Le 16 septembre 2022, Mahsa Amini, étudiante iranienne de 22 ans, s’éteint à l’hôpital. Trois jours plus tôt, elle était arrêtée par la police des mœurs à Téhéran. Les autorités iraniennes nient toute responsabilité tandis que de nombreux témoins attestent d’un véritable passage à tabac de la jeune femme par des policiers lors de son arrestation. Son crime, ne pas avoir correctement couvert ses cheveux. L’annonce de sa mort, entraîne alors de nombreuses protestations en Iran. Ainsi, sonnait le début de la nouvelle révolution.

Quatre mois plus tard, la situation semble empirer. Chaque jour des familles éplorées apprennent la condamnation à mort d’un de leurs proches, prononcée à l’issue d’un simulacre de procès. Une défense muselée. Au mieux avec un avocat silencieux choisi par le gouvernement. Au pire, sans. Voilà ce que la justice iranienne a de mieux à nous offrir : « des procès expéditifs ». La situation est plus qu’inquiétante. L’Organisation des Nations Unies accuse l’Iran d’utiliser la peine de mort pour dissuader les manifestants.

Volker Türk, le Haut-Commissaire des Nations Unies aux droits de l’Homme,  l’objectif de ces procédures pénales et de la peine de mort est de semer la peur dans la population iranienne, éradiquer toute dissidence.

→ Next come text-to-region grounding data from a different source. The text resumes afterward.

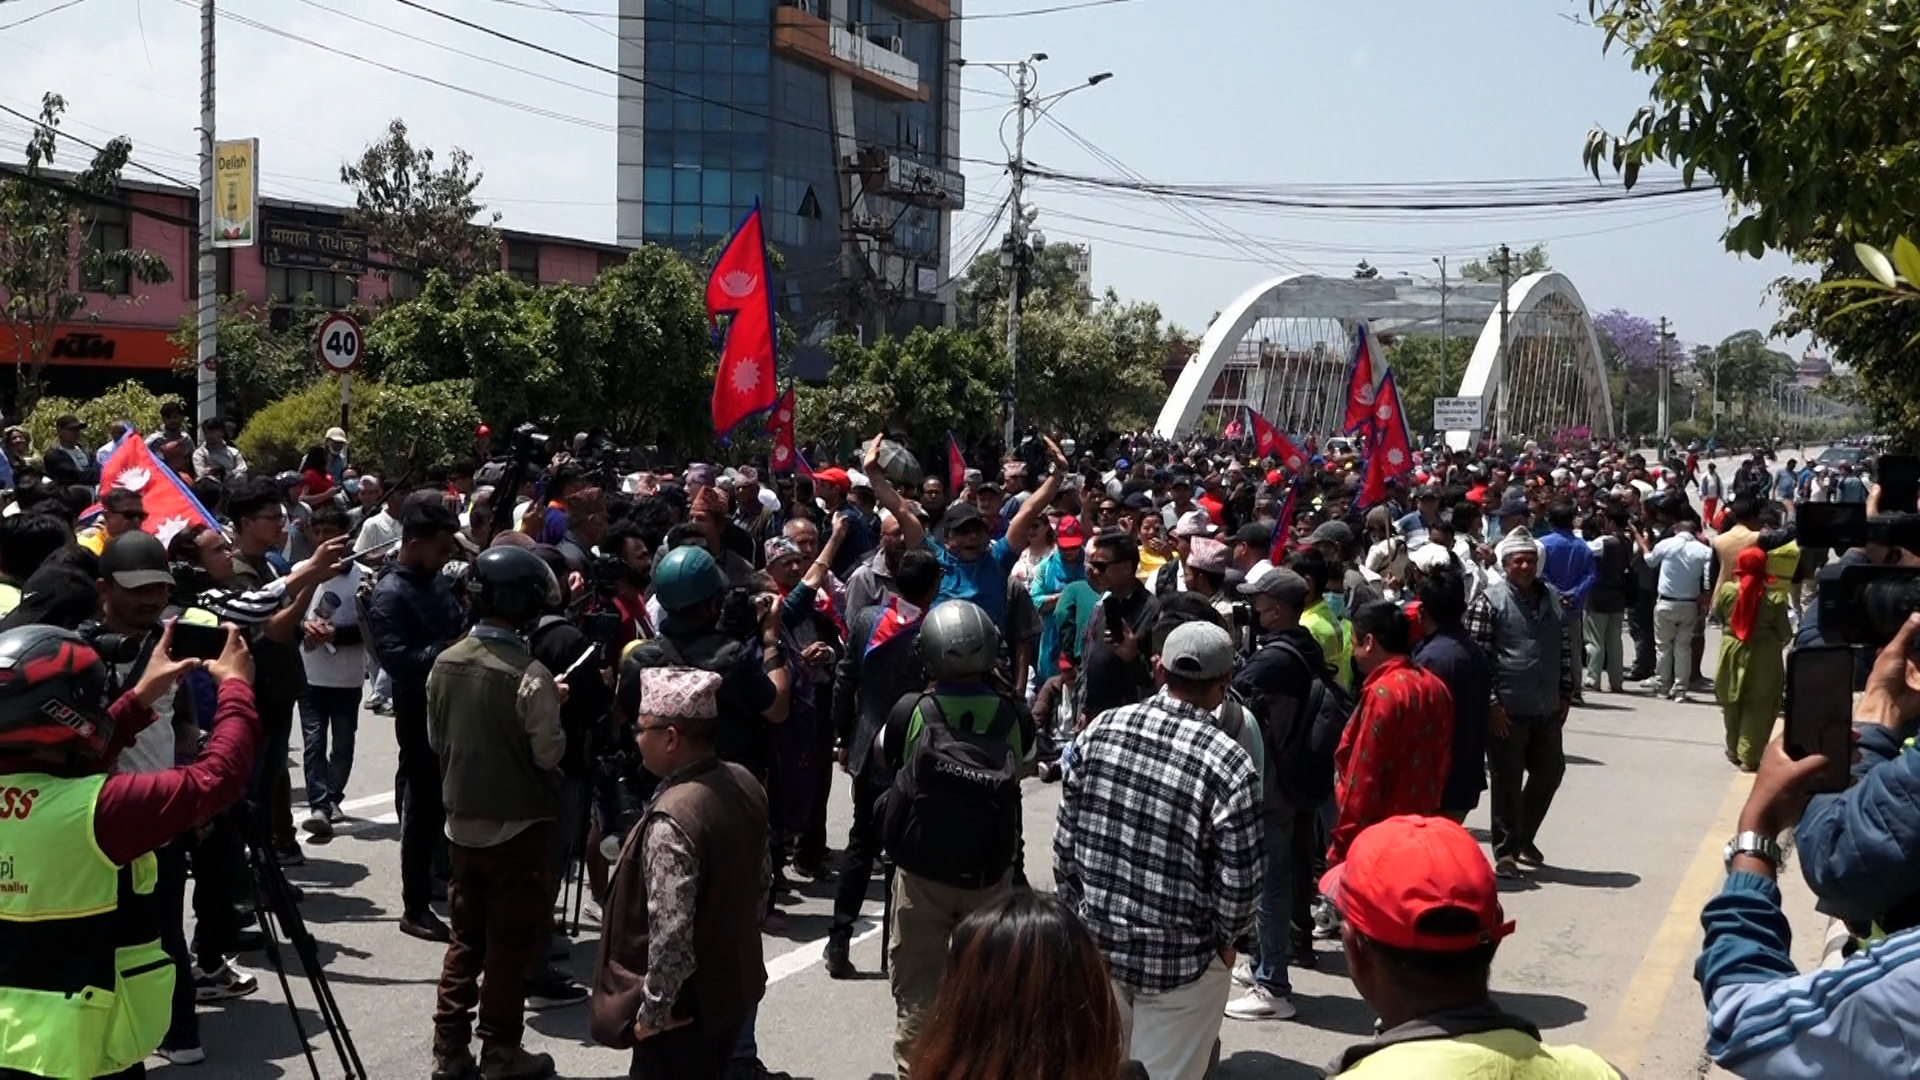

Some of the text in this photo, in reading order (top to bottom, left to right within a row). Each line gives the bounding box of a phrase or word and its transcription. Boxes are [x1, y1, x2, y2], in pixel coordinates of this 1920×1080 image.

[218, 155, 247, 170] Delish
[52, 333, 115, 359] KTM
[326, 331, 356, 356] 40
[0, 786, 40, 820] SS
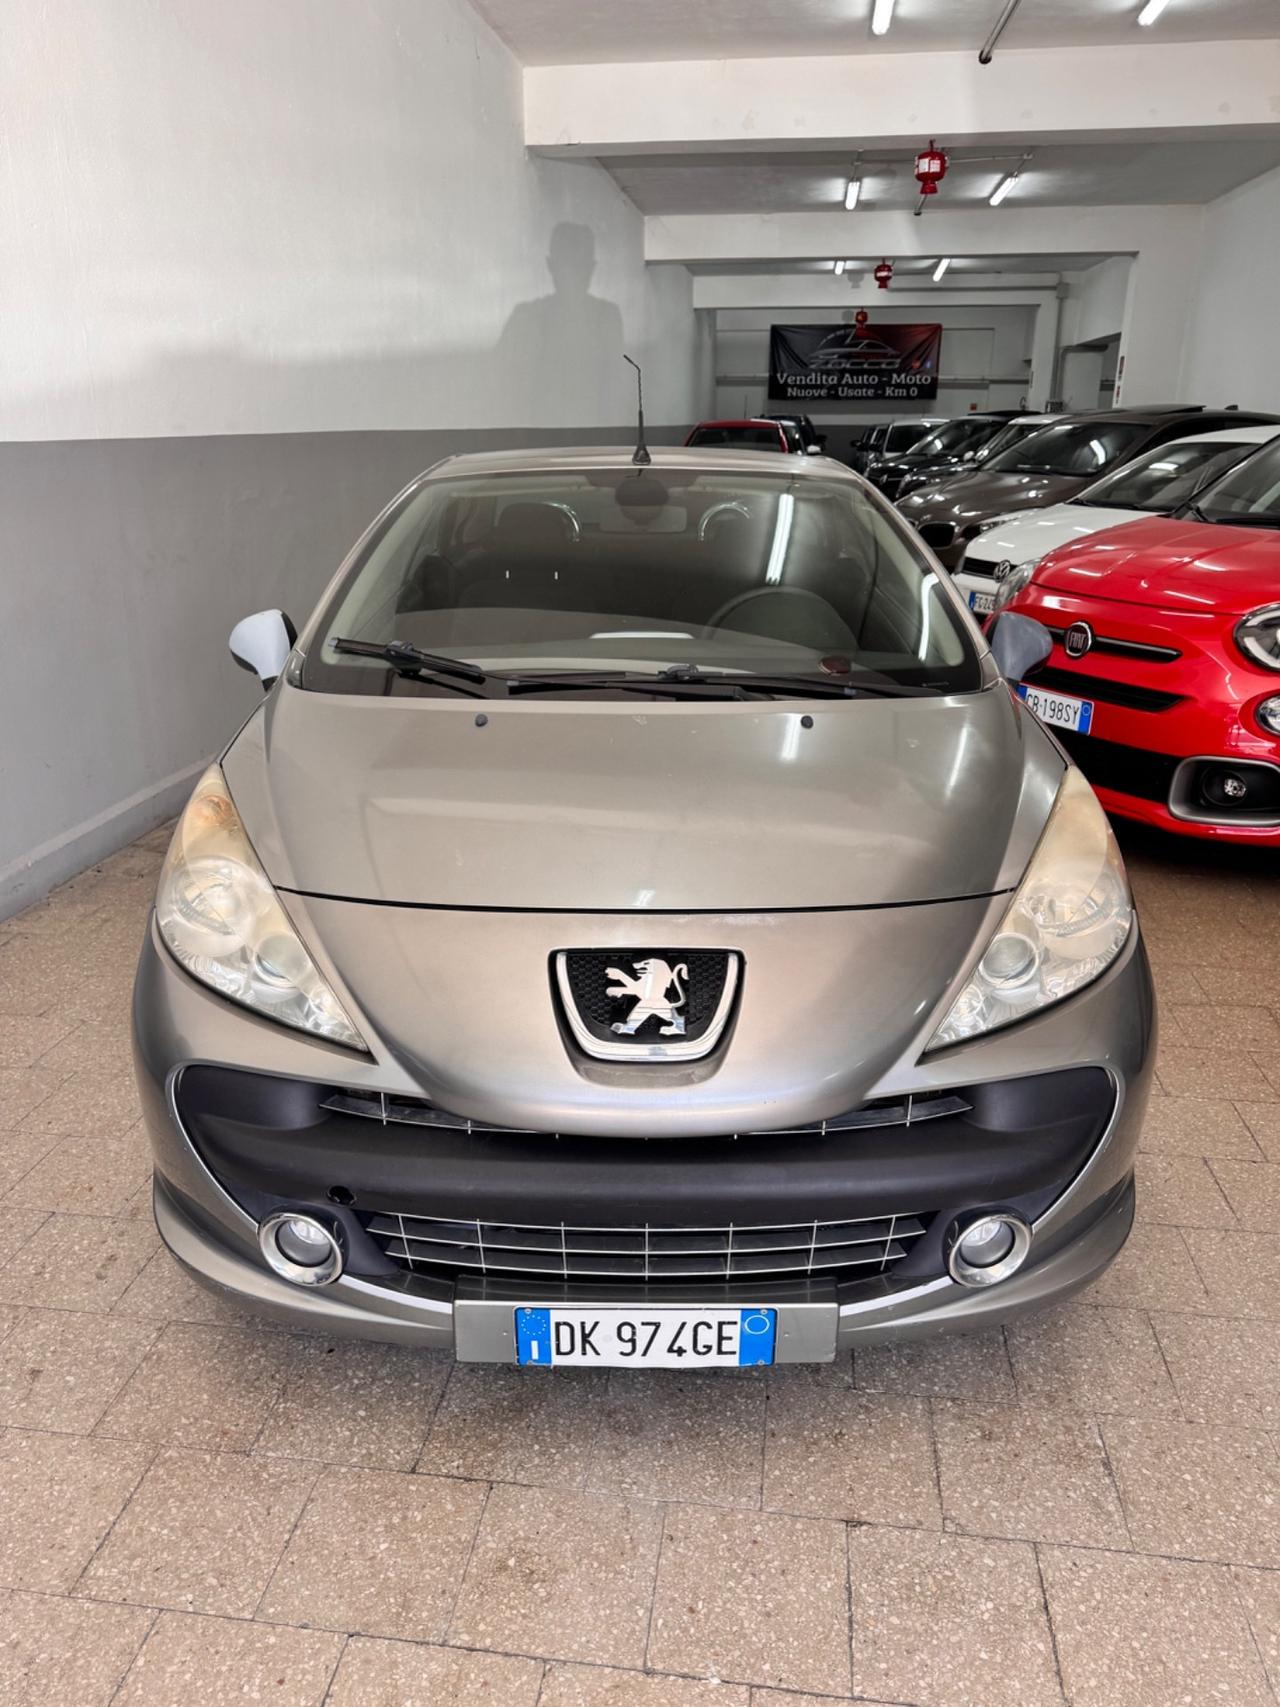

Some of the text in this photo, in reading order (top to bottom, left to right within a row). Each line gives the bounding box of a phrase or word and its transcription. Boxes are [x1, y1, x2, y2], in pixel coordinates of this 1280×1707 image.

[776, 373, 838, 385] Vendita
[841, 373, 879, 385] Auto
[891, 373, 931, 385] Moto
[787, 387, 827, 397] Nuove
[838, 387, 875, 397] Usate
[885, 387, 907, 397] Km
[1069, 631, 1087, 649] FIAT
[1042, 698, 1080, 725] 198SY
[554, 1320, 601, 1356] DK
[616, 1320, 738, 1357] 974GE
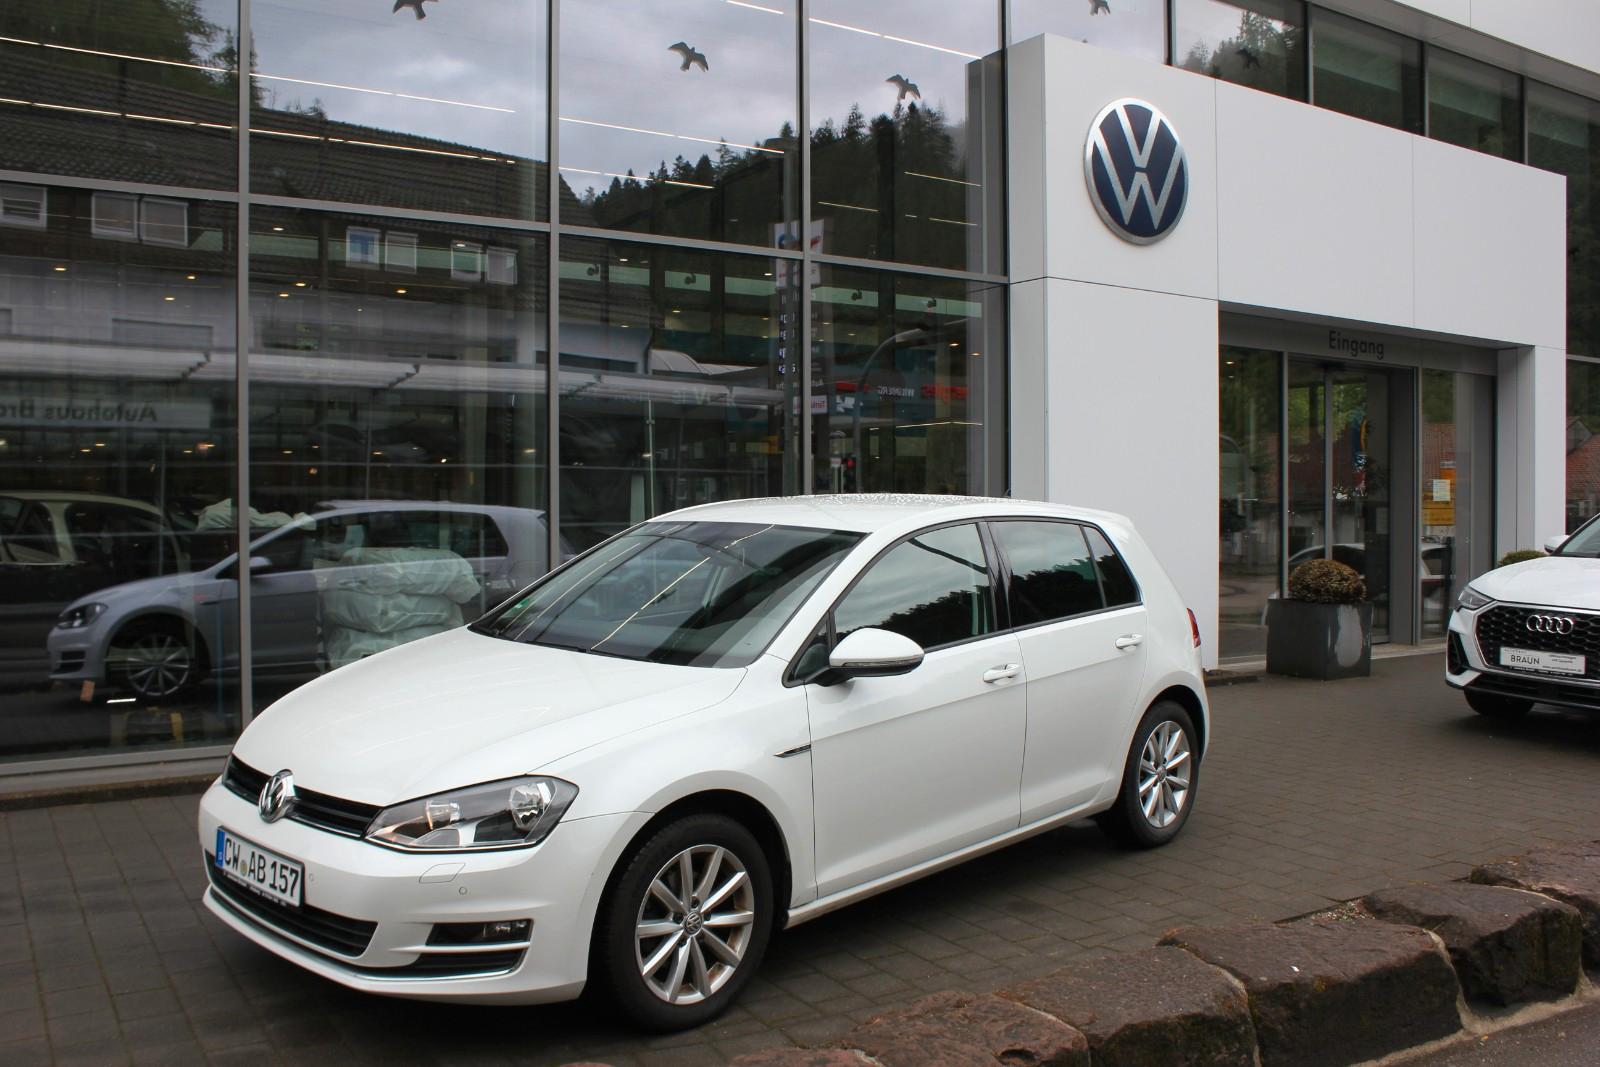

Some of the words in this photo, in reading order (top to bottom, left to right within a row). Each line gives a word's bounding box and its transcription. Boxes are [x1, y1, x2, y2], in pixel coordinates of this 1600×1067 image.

[1086, 99, 1187, 240] VW
[1329, 330, 1384, 360] Eingang
[1510, 654, 1540, 665] BRAUN
[224, 838, 241, 871] CW
[248, 851, 267, 883] AB
[269, 861, 299, 898] 157
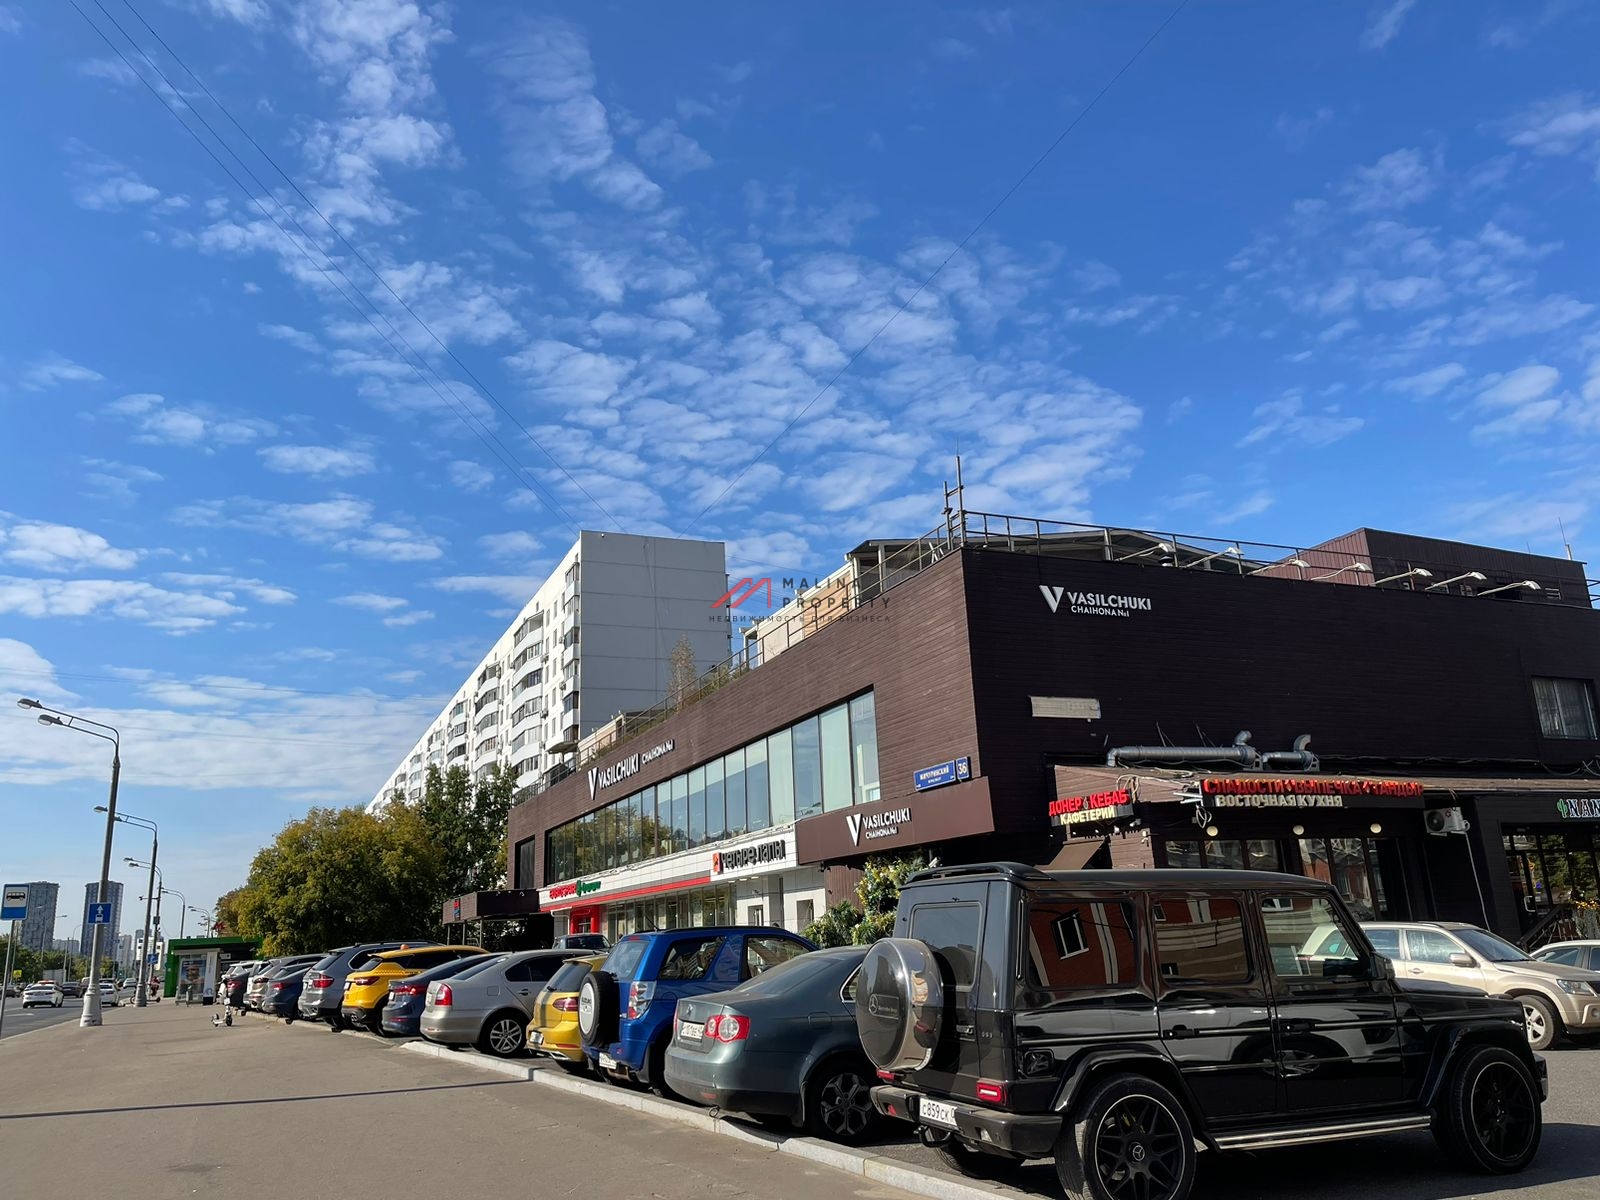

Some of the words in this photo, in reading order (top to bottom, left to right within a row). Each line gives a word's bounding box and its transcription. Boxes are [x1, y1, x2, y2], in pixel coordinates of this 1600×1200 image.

Il déclare dans un communiqué « L’utilisation comme arme des procédures pénales pour punir les personnes qui exercent leurs droits fondamentaux, comme ceux qui participent ou organisent les manifestations, confine au meurtre d’État ».

En droit, le Pacte international relatif aux droits civils et politiques de 1966, ratifié par l’Iran en 1975, pose le principe selon lequel « le droit à la vie est inhérent à la personne humaine. Ce droit doit être protégé par la loi. Nul ne peut être arbitrairement privé de la vie »1. Toutefois, « dans les pays où la peine de mort n’a pas été abolie, une sentence de mort ne peut être prononcée que pour les crimes les plus graves, conformément à la législation en vigueur au moment où le crime a été commis et qui ne doit pas être en contradiction avec les dispositions du présent Pacte ni avec la Convention pour la prévention et la répression du crime de génocide. Cette peine ne peut être appliquée qu’en vertu d’un jugement définitif rendu par un tribunal compétent »2.

Il est intéressant de noter que l’exception prévue par le texte international est spécifiquement circonscrite aux infractions les plus graves. Or, en Iran, loin d’être l’ultima ratio, la peine de mort constitue davantage la caution légale de l’exercice étatique du monopole de la vengeance. Car en effet, ces dernières semaines, la sentence capitale était prononcée à l’encontre de ceux qui protestent contre le régime en place. Ces condamnations interviennent pour la plupart à l’issue de séances de torture visant à obtenir les aveux de jeunes hommes présumés coupables, du seul fait de leur présence à une manifestation. 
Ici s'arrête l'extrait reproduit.